Sally was cheerful, warm, calm, and patient. She was bubbly and optimistic, and simply being around her was enough to lift my spirits. She had something positive to say about me no matter what. Even after she moved to another state when I was 16, we continued to keep in touch. She also offered some assistance to me when I was working on “Distracted Girl,” and was one of the first to buy a copy when it was published.
Today, I am not only an author, but I also work for The Federation for Children with Special Needs, where I am the Youth with Disabilities Coordinator. I do outreach to youth with disabilities who are transitioning to adulthood, and I present a workshop on self-determination and self-advocacy. In each presentation, I mention Sally and the lessons she taught me about believing in myself. When I am talking with a young person with special needs whom I feel needs some extra encouragement, I find myself sharing the same words with her that Sally gave me many years ago. Thanks to Sally, I know that sometimes all you need to make it through is to have someone (outside your family) who believes in you.

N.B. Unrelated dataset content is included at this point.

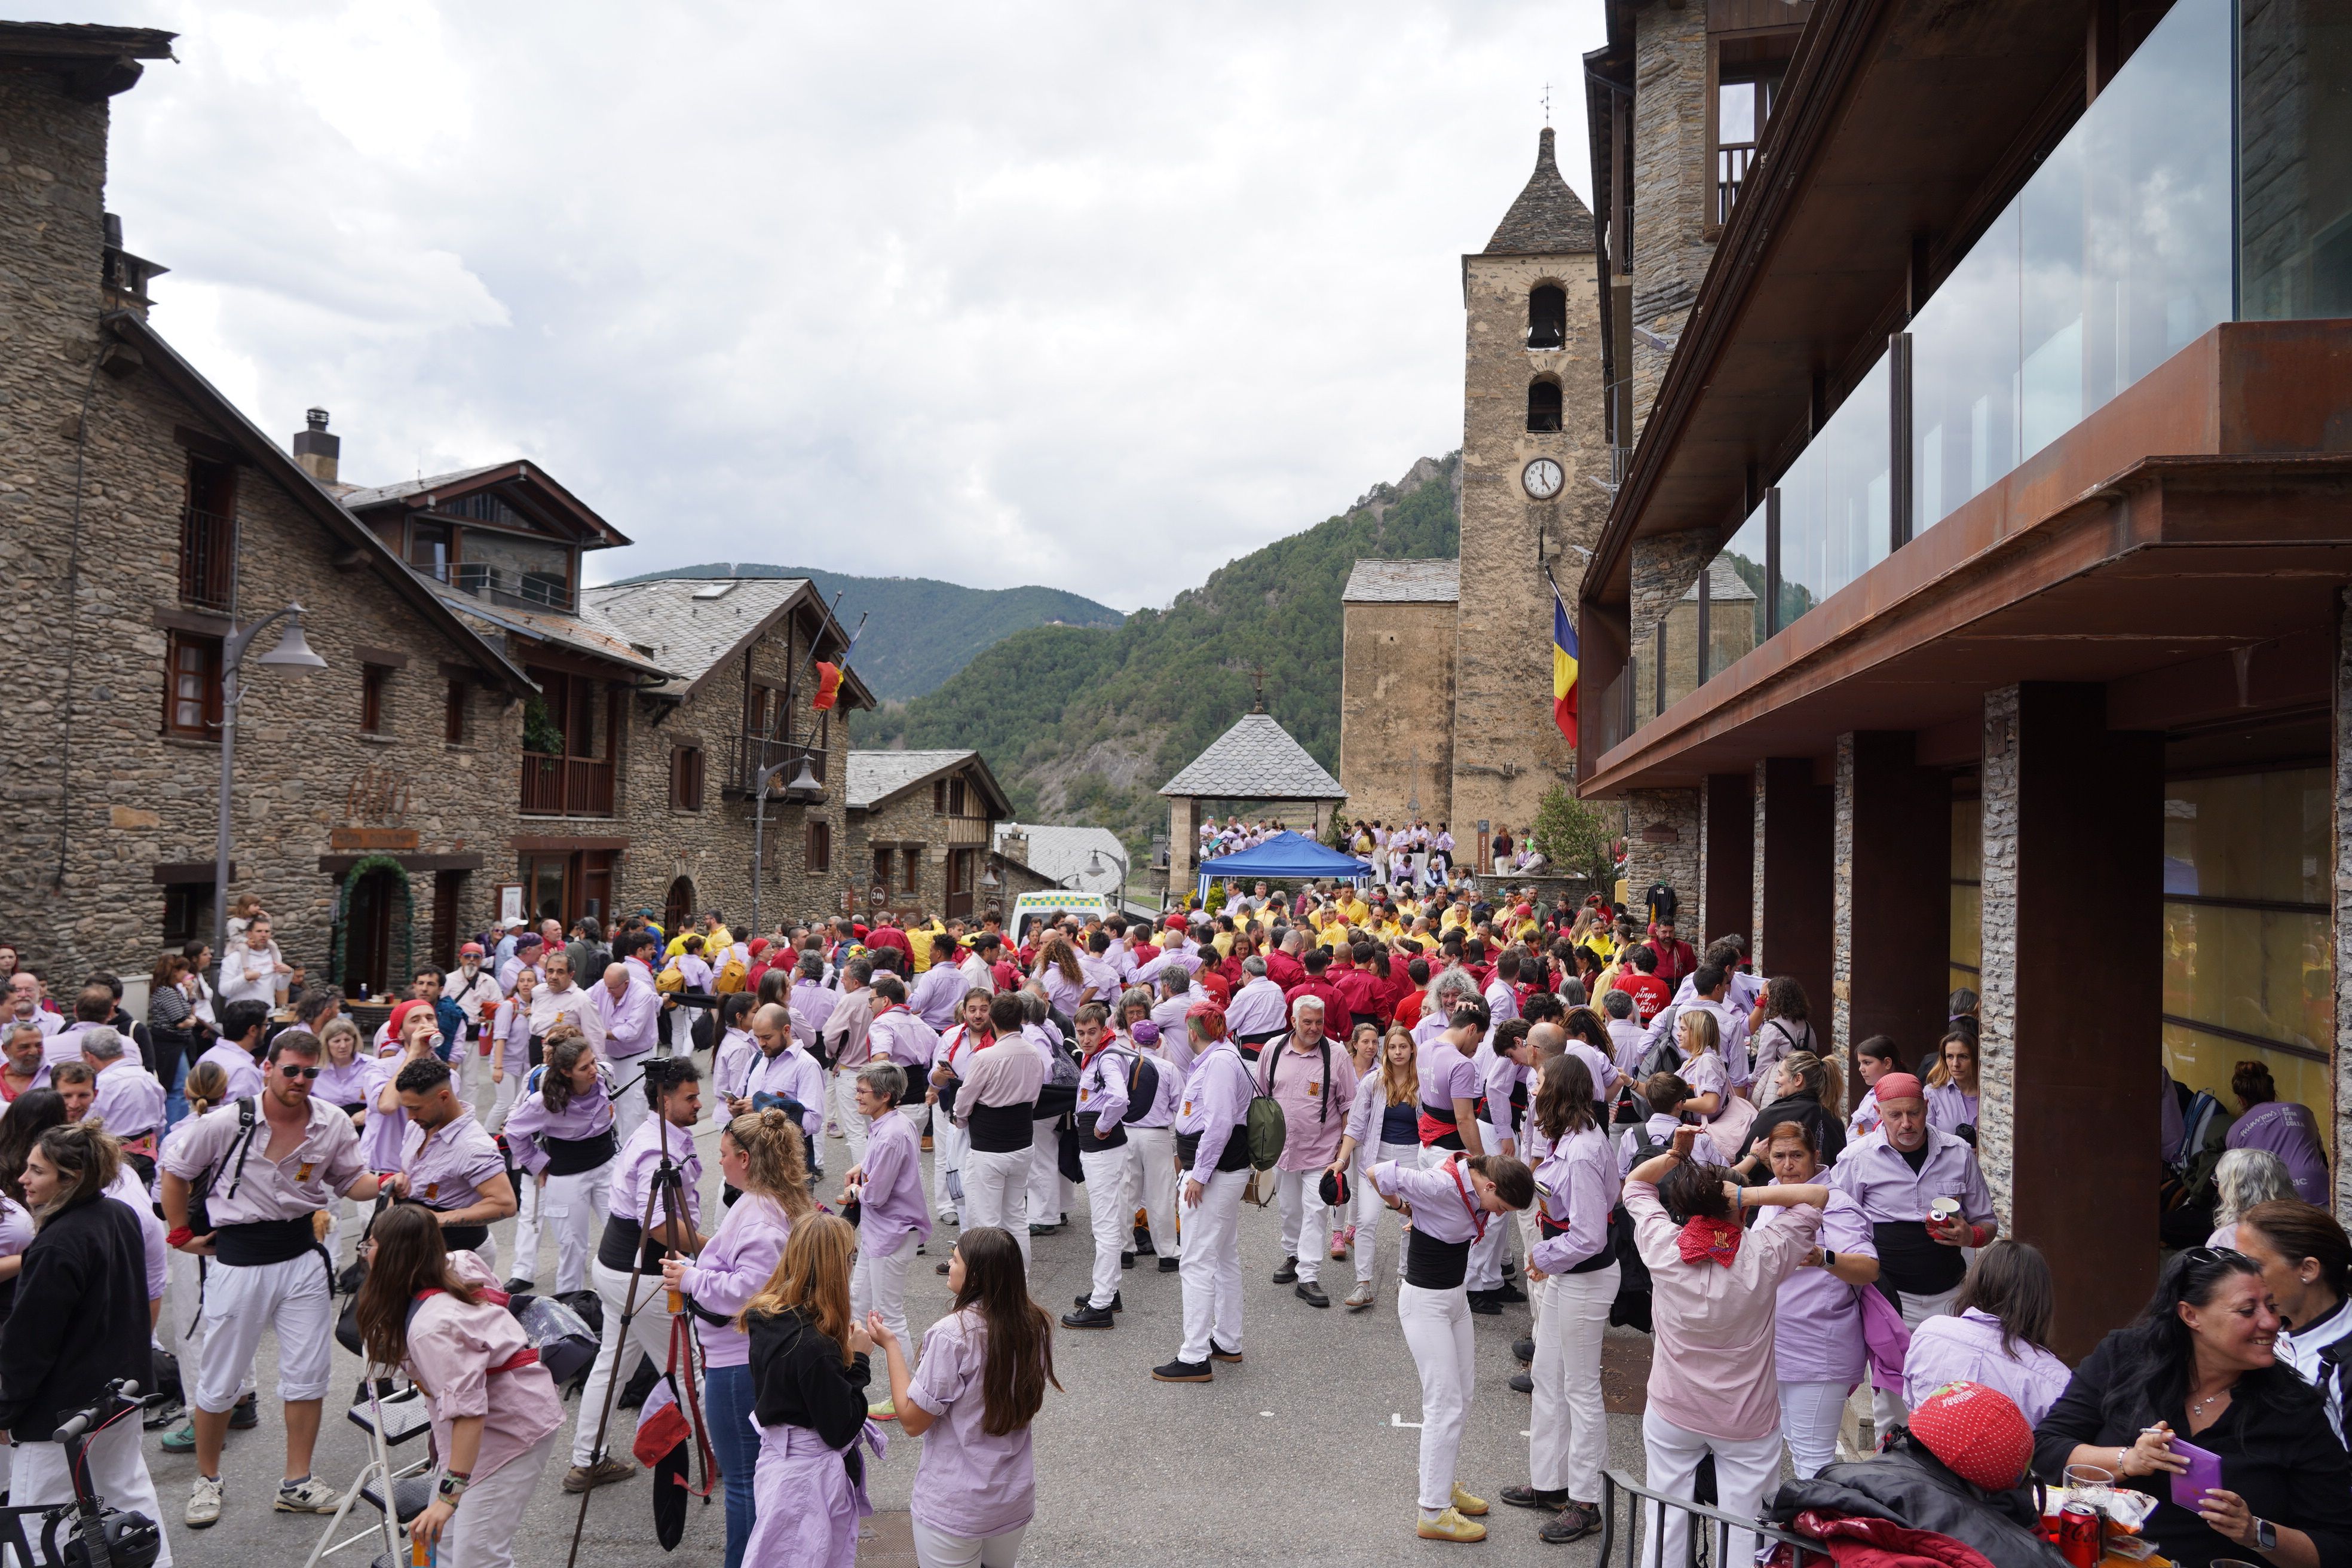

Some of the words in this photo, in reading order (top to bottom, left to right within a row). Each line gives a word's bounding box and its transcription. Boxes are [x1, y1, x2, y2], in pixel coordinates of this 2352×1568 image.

[1634, 990, 1658, 1002] pinya
[2240, 1110, 2277, 1138] minyons
[297, 1490, 313, 1501] N

There is so much more I could say about Sally, but it would make this article much too long; so I’ll simply say that if you want to learn more about her and her impact on my life, read “Distracted Girl.”
Farewell, Sally. You may be gone from this earth, but you will never be forgotten. Now you are an angel in Heaven with God. May you come to know as much happiness and peace on the other side as you brought to all of us when you were on Earth.